Jasper Allen, two, spend five days in a hospital with severe chickenpox sores, which covered every inch of his body, became severely infected.
However, just 48 hours earlier, his mum, Sarah Allen, claims he was refused a doctor's appointment because the receptionist didn’t think his condition was severe enough.
Sarah, 36, said ‘When I first called our local GP’s surgery I spoke to the receptionist to make an appointment for Jasper but when I told her it was chickenpox she said to me “every mother thinks their child has bad chickenpox”.
‘I knew I wasn't a neurotic mother – I have two children and have run a nursery and seen hundreds of kids with chickenpox before so I knew this wasn’t normal.
‘They should listen to parents more – we know our babies better than anybody in the world.’
The mum-of-two first noticed the spots on Jasper on July 12 after he developed scarlet fever the week before.
Just the next day, he had ‘hundreds’ of spots but Sarah claimed she was told she was worrying about nothing when she rang up the GP.
The next day, Jaspers temperature continued to rise, so she took him to the emergency ward, where he spent five days on an IV drip and antiviral medication.
The 36-year-old said ‘’‘When Jasper was admitted to a hospital, it was scary but I was also relieved I was being taken seriously, and they were doing something about it.

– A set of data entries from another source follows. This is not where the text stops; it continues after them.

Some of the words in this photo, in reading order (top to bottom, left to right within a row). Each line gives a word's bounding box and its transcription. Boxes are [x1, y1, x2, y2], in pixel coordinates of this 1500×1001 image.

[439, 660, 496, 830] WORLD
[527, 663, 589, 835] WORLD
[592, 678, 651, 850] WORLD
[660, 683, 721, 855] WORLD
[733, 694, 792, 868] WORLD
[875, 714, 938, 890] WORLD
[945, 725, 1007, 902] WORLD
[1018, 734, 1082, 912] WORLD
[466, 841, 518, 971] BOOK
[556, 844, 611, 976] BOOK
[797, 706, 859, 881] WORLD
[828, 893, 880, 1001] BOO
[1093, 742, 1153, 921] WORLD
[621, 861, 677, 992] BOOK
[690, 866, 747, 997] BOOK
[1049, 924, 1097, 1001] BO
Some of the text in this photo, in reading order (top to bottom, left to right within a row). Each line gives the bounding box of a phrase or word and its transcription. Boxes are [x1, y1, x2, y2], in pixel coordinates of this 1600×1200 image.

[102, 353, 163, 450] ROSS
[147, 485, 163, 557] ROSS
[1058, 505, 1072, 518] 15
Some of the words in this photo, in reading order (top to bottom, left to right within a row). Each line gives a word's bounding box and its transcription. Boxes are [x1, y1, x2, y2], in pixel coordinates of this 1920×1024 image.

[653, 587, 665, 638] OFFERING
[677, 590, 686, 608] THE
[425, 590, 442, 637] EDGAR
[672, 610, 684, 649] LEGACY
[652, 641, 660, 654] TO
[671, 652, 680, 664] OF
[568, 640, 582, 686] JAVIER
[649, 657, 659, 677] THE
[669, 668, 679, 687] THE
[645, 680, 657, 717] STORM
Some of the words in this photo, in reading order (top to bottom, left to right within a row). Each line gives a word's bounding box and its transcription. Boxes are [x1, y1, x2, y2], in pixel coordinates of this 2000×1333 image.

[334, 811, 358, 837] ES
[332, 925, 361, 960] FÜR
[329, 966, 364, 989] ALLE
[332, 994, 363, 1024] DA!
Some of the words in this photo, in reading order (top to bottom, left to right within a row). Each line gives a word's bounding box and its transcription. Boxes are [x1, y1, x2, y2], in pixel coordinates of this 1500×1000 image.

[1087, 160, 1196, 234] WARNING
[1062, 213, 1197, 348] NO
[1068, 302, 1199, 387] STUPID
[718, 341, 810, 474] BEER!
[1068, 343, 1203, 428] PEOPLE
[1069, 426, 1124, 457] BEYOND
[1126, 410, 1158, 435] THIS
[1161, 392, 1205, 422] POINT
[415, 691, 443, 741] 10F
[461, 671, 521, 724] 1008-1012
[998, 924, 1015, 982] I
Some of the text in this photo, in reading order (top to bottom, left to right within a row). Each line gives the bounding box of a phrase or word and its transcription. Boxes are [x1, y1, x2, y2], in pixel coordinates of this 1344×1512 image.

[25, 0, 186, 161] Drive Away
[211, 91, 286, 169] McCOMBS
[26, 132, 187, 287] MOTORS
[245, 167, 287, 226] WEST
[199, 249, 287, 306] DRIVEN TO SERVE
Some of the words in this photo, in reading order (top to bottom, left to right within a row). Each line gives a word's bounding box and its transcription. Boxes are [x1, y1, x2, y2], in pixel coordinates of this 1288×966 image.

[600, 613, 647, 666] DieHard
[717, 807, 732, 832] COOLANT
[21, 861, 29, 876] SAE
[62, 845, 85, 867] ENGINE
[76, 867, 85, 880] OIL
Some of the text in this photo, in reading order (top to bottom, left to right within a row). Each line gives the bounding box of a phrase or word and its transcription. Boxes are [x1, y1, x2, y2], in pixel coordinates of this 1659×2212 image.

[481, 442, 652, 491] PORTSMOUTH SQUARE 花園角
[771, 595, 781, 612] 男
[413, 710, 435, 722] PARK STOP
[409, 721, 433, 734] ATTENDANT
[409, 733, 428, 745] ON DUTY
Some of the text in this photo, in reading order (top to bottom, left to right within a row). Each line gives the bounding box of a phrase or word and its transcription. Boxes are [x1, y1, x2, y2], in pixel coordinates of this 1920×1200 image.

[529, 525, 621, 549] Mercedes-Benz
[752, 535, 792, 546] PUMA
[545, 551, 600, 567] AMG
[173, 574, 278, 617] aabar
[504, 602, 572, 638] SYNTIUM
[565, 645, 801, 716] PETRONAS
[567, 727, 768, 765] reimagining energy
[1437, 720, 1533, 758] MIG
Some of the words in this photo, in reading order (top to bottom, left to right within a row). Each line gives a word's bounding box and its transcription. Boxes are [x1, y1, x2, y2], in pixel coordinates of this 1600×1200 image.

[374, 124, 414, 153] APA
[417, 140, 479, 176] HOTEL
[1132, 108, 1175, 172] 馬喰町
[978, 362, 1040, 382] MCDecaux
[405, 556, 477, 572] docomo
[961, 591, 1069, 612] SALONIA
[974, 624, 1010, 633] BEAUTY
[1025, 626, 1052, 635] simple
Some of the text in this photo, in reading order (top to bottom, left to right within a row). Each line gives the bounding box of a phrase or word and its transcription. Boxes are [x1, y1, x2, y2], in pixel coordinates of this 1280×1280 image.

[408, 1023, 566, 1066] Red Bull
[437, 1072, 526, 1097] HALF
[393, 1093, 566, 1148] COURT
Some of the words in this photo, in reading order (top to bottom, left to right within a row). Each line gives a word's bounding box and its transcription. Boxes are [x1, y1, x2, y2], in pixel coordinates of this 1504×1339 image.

‘As we were sat in the waiting room waiting for bed I could see this redness in his chest spreading all over him before my eyes.
‘We couldn’t hold him for three days because he screamed every time we touched him.
‘It is worse when it’s your child because all you want is to take the pain away for them, it broke my heart.’
Doctors do not know why Jasper contracted such severe chickenpox, but he is currently undergoing heart scans to ensure there are no lasting effects.
Sarah is now calling for the UK to make the chickenpox vaccination part of the national health services' routine immunisation schedule.